EXERCISE PROMPT » Print the listing below again, exactly. Skip the pictures.

PROVIDED DATA »
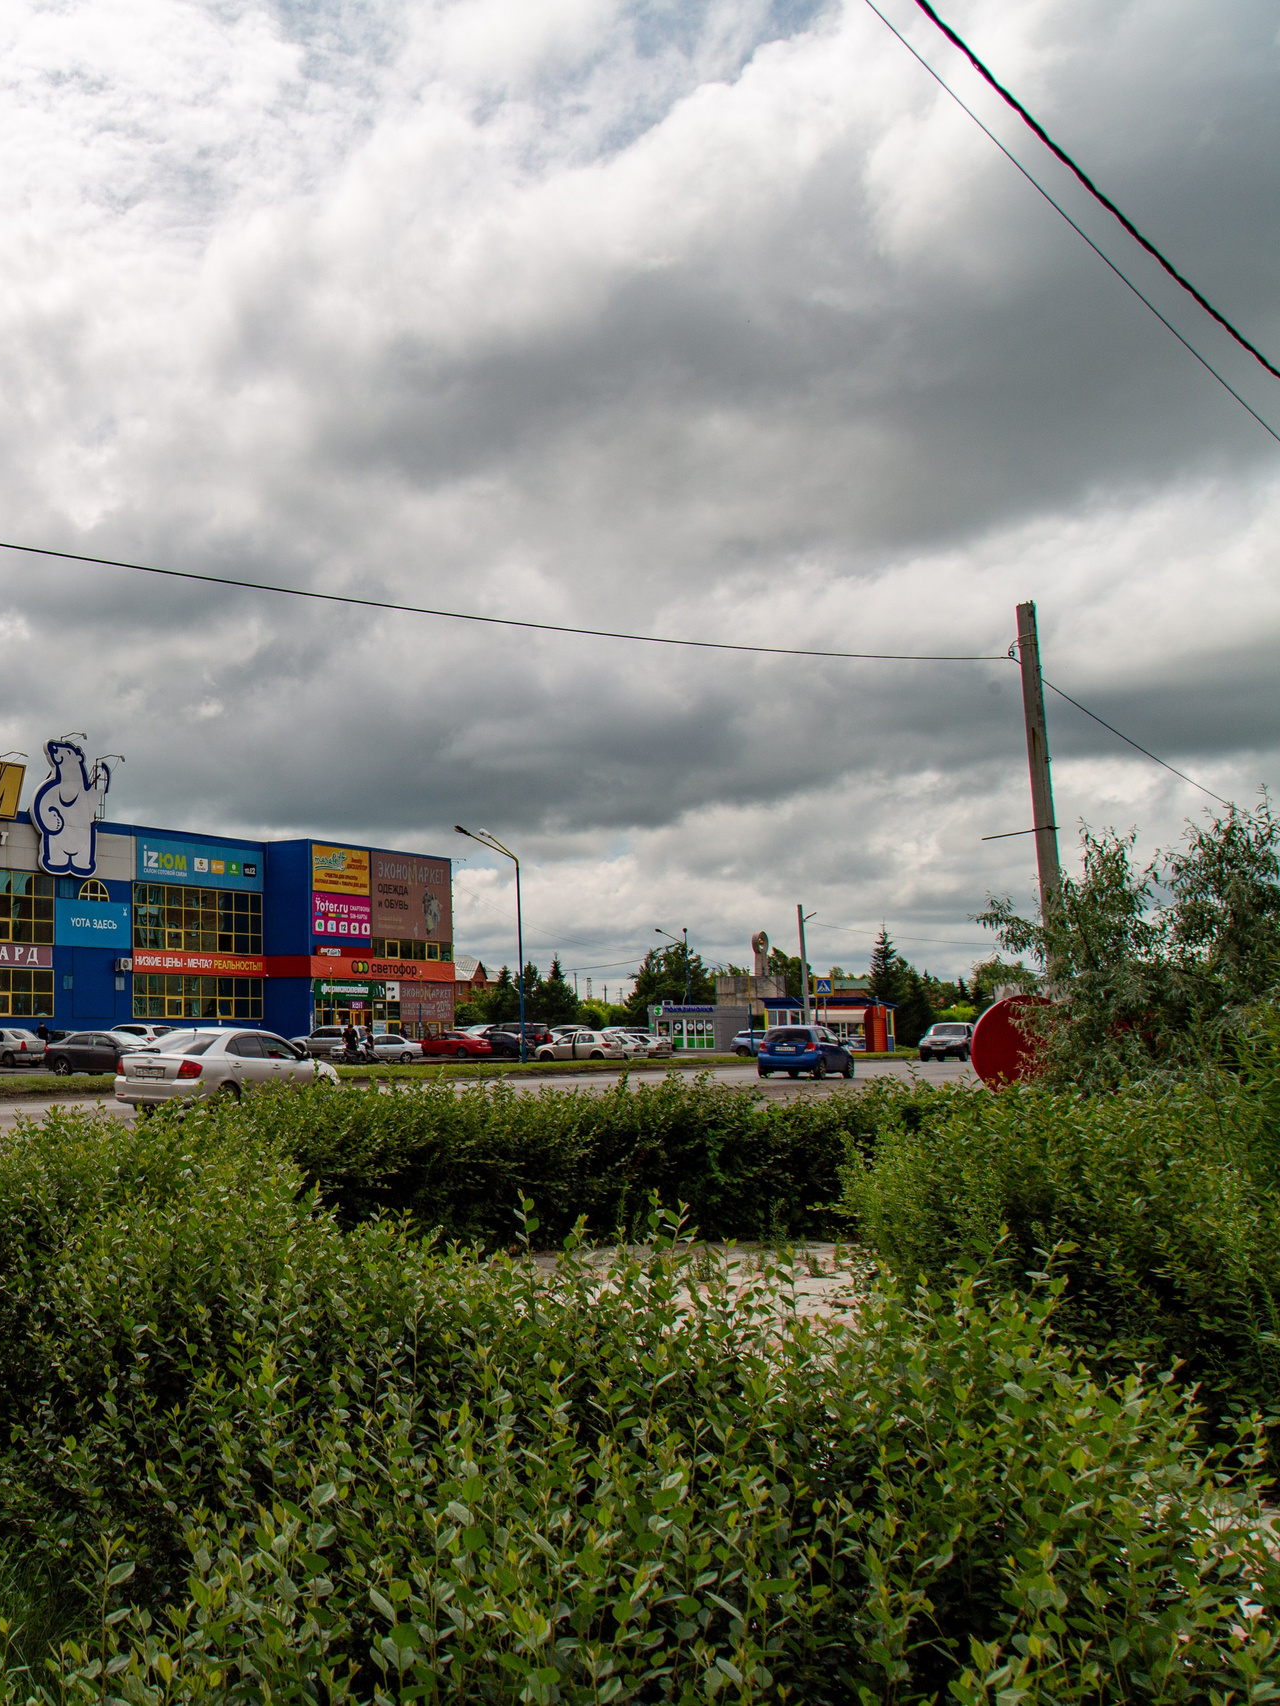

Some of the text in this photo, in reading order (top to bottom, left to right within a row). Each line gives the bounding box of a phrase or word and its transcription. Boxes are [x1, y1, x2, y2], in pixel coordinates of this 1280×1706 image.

[378, 859, 444, 886] ЭКОНОМАРКЕТ
[377, 883, 409, 896] ОДЕЖДА
[384, 899, 409, 910] ОБУВЬ
[70, 916, 118, 931] YOTA ЗДЕСЬ
[135, 955, 162, 967] НИЗКИЕ
[162, 957, 183, 969] ЦЕНЫ
[187, 958, 213, 969] МЕЧТА?
[371, 963, 417, 979] светофор
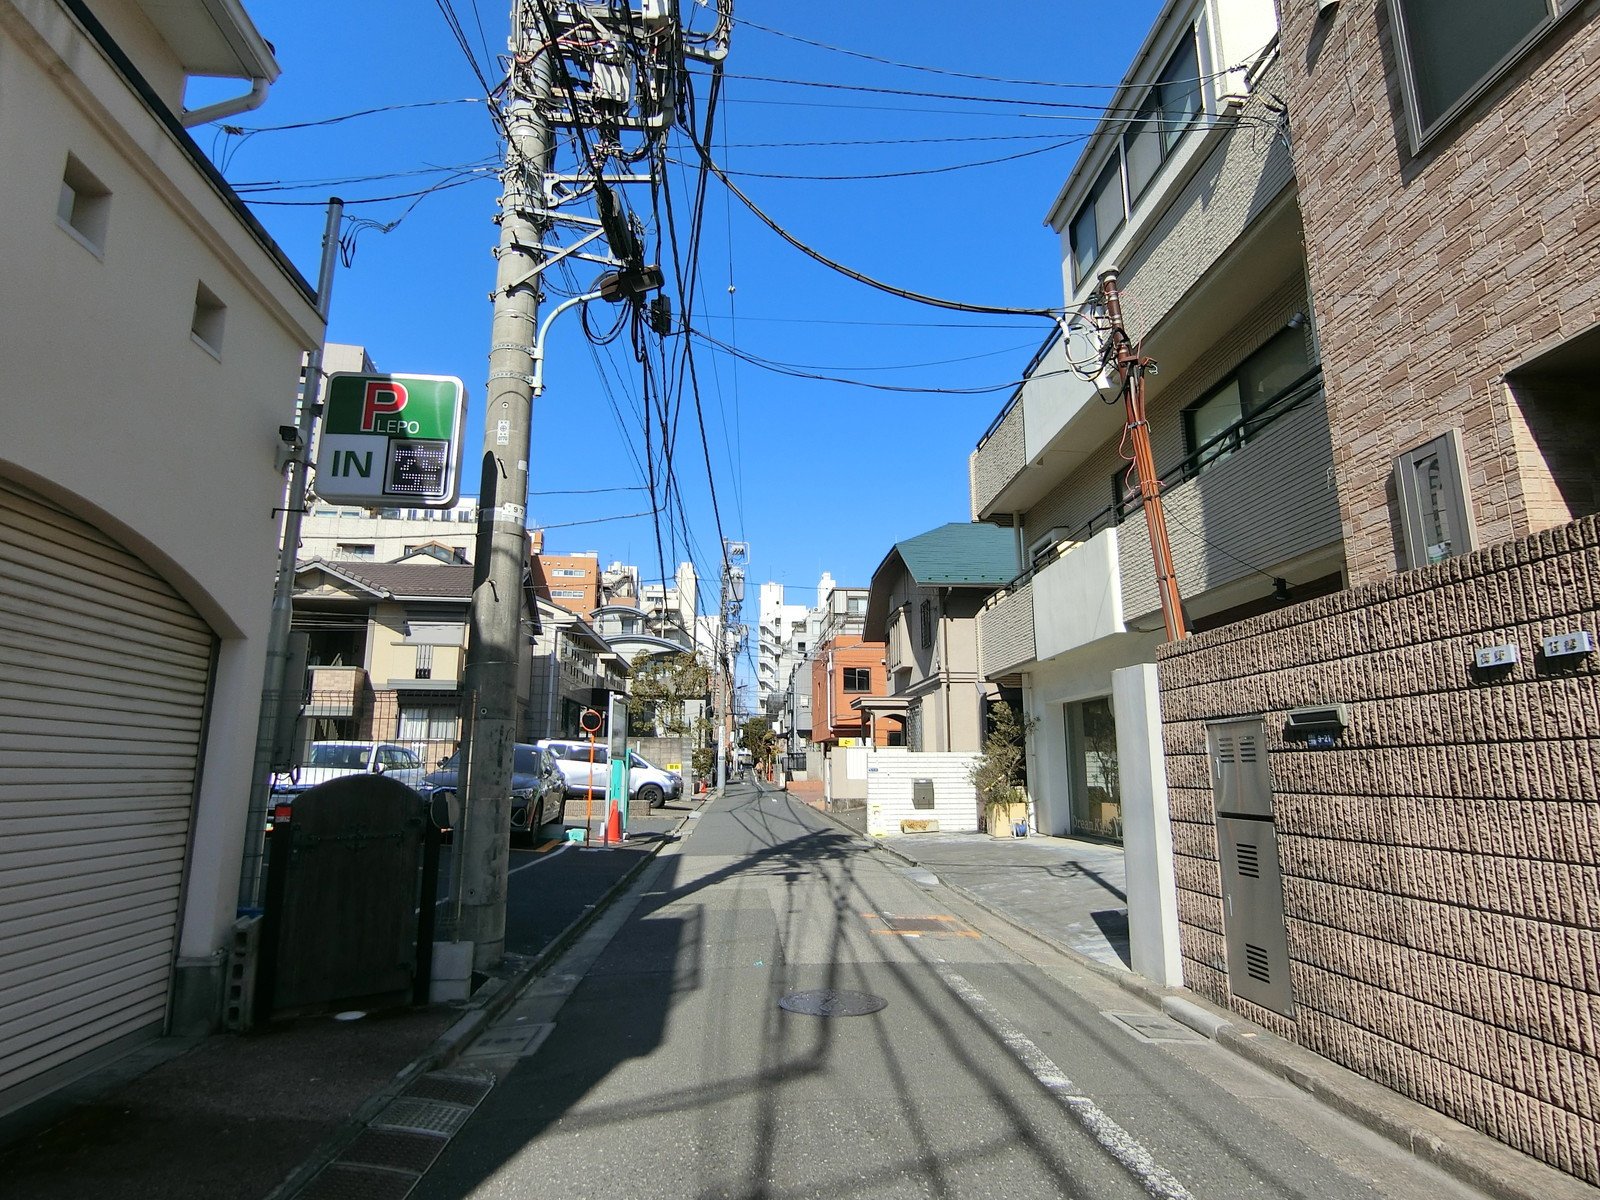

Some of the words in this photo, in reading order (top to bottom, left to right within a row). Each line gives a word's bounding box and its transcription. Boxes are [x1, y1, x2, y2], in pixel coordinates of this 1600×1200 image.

[360, 380, 409, 432] P
[376, 419, 420, 434] LEPO
[332, 450, 374, 478] IN
[392, 445, 445, 492] 空
[1073, 815, 1094, 830] Dream

ANSWER TO THIS PROBLEM »
Some of the text in this photo, in reading order (top to bottom, left to right within a row). Each line gives the bounding box of a phrase or word and its transcription. Boxes are [x1, y1, x2, y2], in pixel coordinates of this 1280×1706 image.

[378, 859, 444, 886] ЭКОНОМАРКЕТ
[377, 883, 409, 896] ОДЕЖДА
[384, 899, 409, 910] ОБУВЬ
[70, 916, 118, 931] YOTA ЗДЕСЬ
[135, 955, 162, 967] НИЗКИЕ
[162, 957, 183, 969] ЦЕНЫ
[187, 958, 213, 969] МЕЧТА?
[371, 963, 417, 979] светофор

Some of the words in this photo, in reading order (top to bottom, left to right within a row). Each line gives a word's bounding box and its transcription. Boxes are [x1, y1, x2, y2], in pixel coordinates of this 1600×1200 image.

[360, 380, 409, 432] P
[376, 419, 420, 434] LEPO
[332, 450, 374, 478] IN
[392, 445, 445, 492] 空
[1073, 815, 1094, 830] Dream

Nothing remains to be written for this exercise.